• **WHAT IS BEING ASKED**: Which lines run from the one containing "this 2212×1659 image." to the end of the entries? Copy them exactly, both ends included, and give nothing else.

• **PROVIDED DATA**:

BEGIN

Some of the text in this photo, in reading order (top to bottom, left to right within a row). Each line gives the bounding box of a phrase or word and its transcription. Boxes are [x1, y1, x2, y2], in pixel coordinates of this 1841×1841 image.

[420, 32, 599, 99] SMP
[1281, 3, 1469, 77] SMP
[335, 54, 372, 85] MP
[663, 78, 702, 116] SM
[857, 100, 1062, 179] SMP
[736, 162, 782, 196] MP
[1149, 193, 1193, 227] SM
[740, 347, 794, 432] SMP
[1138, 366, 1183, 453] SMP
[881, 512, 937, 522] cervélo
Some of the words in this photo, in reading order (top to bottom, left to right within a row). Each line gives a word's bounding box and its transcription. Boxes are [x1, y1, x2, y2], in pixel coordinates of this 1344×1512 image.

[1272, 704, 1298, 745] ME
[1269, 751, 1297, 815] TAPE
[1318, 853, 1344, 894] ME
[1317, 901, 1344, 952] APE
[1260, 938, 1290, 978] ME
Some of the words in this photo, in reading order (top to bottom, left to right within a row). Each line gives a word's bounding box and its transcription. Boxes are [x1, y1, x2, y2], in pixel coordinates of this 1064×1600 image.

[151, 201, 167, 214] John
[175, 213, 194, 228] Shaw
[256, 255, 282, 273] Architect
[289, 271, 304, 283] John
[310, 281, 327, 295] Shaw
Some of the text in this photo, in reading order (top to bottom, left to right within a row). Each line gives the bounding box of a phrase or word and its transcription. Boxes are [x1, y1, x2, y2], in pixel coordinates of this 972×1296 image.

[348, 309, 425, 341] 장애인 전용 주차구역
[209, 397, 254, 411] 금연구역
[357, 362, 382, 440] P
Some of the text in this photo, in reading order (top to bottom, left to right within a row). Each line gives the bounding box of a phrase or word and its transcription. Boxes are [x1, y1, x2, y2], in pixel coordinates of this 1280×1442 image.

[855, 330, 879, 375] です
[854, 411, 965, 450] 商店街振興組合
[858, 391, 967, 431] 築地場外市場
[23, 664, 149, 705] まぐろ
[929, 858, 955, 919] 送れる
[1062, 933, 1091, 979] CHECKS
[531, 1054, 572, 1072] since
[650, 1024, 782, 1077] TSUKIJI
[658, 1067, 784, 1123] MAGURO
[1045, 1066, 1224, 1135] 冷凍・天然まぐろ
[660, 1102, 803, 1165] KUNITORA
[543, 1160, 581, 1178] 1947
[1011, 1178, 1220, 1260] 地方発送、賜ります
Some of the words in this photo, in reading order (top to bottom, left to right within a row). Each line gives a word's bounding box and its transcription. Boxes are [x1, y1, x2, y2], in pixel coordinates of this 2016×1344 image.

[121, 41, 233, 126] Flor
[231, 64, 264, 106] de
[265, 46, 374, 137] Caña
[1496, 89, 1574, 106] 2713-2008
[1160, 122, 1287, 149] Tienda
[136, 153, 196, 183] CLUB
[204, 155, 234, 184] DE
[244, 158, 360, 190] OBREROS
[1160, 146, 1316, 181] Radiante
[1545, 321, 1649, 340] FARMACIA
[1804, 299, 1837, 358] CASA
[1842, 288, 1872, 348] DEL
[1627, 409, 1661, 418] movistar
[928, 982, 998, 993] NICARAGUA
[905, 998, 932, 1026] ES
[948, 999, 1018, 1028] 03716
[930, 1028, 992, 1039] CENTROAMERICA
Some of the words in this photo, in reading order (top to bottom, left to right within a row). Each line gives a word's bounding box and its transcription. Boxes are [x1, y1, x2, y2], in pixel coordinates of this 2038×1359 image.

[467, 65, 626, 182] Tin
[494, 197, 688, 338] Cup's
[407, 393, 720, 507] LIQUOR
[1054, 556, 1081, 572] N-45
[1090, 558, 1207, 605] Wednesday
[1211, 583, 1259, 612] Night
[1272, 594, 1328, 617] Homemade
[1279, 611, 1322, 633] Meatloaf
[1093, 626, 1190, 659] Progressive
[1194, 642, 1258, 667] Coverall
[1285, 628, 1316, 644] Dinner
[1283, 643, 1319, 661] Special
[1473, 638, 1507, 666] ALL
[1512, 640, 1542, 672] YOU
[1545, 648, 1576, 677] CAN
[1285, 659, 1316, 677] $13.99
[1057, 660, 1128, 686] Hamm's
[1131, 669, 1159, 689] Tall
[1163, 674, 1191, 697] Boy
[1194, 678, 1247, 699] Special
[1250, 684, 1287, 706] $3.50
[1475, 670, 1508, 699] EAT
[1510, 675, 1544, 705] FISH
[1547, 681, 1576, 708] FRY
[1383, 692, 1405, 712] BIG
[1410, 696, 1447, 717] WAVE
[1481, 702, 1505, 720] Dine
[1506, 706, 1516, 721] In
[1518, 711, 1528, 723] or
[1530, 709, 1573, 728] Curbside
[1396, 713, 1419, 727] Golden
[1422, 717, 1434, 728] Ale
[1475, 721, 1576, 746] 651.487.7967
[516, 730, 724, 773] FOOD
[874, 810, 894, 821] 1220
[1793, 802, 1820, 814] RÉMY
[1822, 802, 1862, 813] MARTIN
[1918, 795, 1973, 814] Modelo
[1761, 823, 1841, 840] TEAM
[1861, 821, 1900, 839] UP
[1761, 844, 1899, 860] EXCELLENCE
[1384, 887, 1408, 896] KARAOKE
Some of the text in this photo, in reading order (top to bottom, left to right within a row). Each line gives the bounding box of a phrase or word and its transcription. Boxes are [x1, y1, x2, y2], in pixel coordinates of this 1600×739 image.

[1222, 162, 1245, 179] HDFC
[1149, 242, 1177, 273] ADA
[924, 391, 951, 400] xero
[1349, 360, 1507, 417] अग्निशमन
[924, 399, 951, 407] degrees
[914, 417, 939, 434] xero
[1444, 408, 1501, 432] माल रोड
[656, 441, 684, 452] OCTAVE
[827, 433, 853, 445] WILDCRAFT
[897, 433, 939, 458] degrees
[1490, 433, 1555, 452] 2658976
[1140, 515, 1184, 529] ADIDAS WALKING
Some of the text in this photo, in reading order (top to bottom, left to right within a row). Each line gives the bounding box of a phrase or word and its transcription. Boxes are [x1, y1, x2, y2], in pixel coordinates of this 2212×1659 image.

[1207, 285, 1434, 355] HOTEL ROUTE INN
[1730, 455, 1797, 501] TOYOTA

END

• **THE ANSWER**:
Some of the text in this photo, in reading order (top to bottom, left to right within a row). Each line gives the bounding box of a phrase or word and its transcription. Boxes are [x1, y1, x2, y2], in pixel coordinates of this 2212×1659 image.

[1207, 285, 1434, 355] HOTEL ROUTE INN
[1730, 455, 1797, 501] TOYOTA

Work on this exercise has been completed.